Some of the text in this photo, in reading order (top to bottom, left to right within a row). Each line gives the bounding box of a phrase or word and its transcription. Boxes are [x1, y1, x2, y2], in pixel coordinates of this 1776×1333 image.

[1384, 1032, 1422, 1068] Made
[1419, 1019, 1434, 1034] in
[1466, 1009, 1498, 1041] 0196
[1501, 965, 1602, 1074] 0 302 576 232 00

--- Directions ---
Could every entry be given again exactly, with no line skipped?

--- Reply to the task ---
Some of the text in this photo, in reading order (top to bottom, left to right within a row). Each line gives the bounding box of a phrase or word and its transcription. Boxes are [x1, y1, x2, y2], in pixel coordinates of this 1776×1333 image.

[1384, 1032, 1422, 1068] Made
[1419, 1019, 1434, 1034] in
[1466, 1009, 1498, 1041] 0196
[1501, 965, 1602, 1074] 0 302 576 232 00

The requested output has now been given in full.